--- RECORDS SHOWN Enclosed Below ---

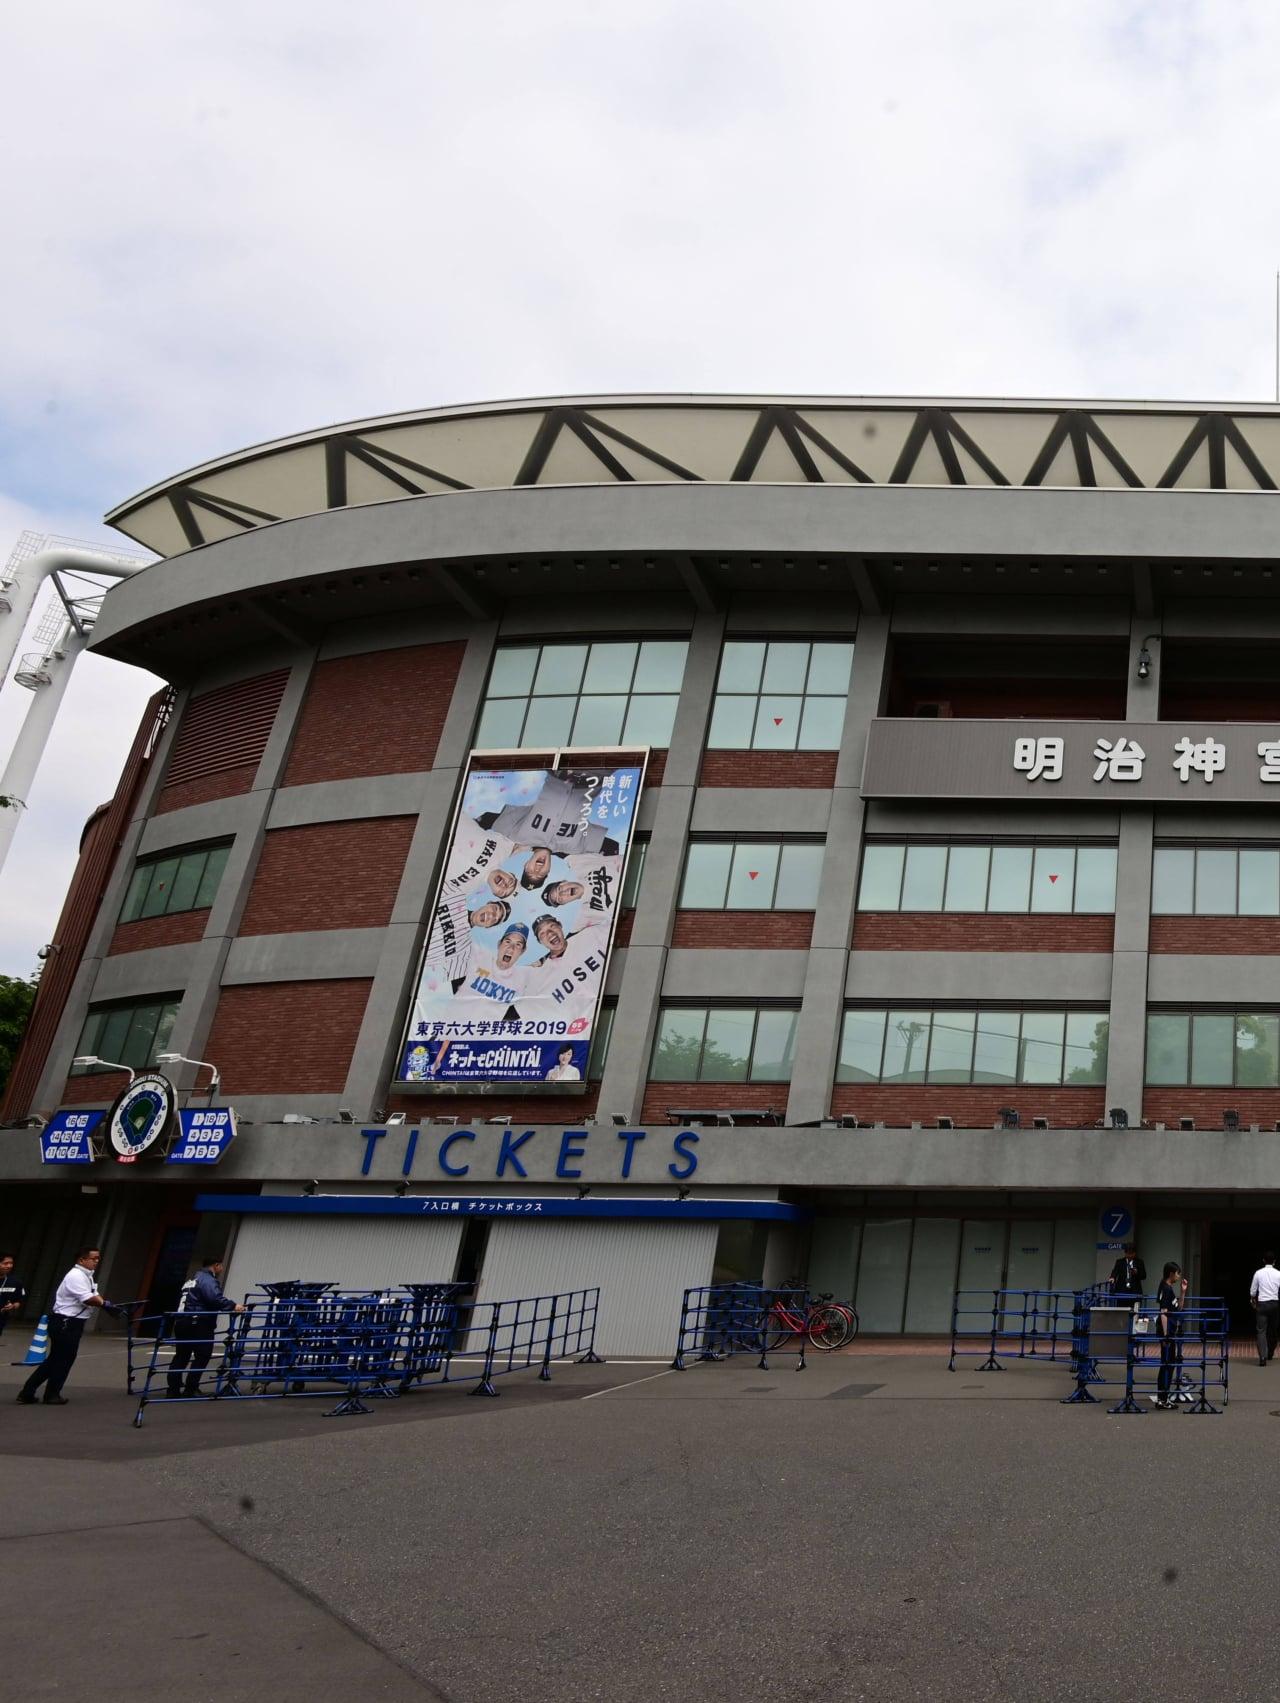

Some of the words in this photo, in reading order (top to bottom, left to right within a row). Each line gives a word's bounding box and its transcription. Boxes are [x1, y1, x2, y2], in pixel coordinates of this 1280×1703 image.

[597, 775, 616, 818] 時代を
[613, 775, 632, 817] 新しい
[470, 976, 517, 1004] TOKYO
[552, 949, 607, 1004] HOSEI
[416, 1020, 567, 1037] 東京六大学野球2019
[360, 1129, 700, 1179] TICKETS
[468, 1202, 543, 1212] チケットボックス
[1110, 1213, 1125, 1233] 7

--- End of Enclosed RECORDS SHOWN ---

PROBLEM REQUIREMENTS: Copy out each record word for word and omit any pictures.

WRITTEN SOLUTION:
Some of the words in this photo, in reading order (top to bottom, left to right within a row). Each line gives a word's bounding box and its transcription. Boxes are [x1, y1, x2, y2], in pixel coordinates of this 1280×1703 image.

[597, 775, 616, 818] 時代を
[613, 775, 632, 817] 新しい
[470, 976, 517, 1004] TOKYO
[552, 949, 607, 1004] HOSEI
[416, 1020, 567, 1037] 東京六大学野球2019
[360, 1129, 700, 1179] TICKETS
[468, 1202, 543, 1212] チケットボックス
[1110, 1213, 1125, 1233] 7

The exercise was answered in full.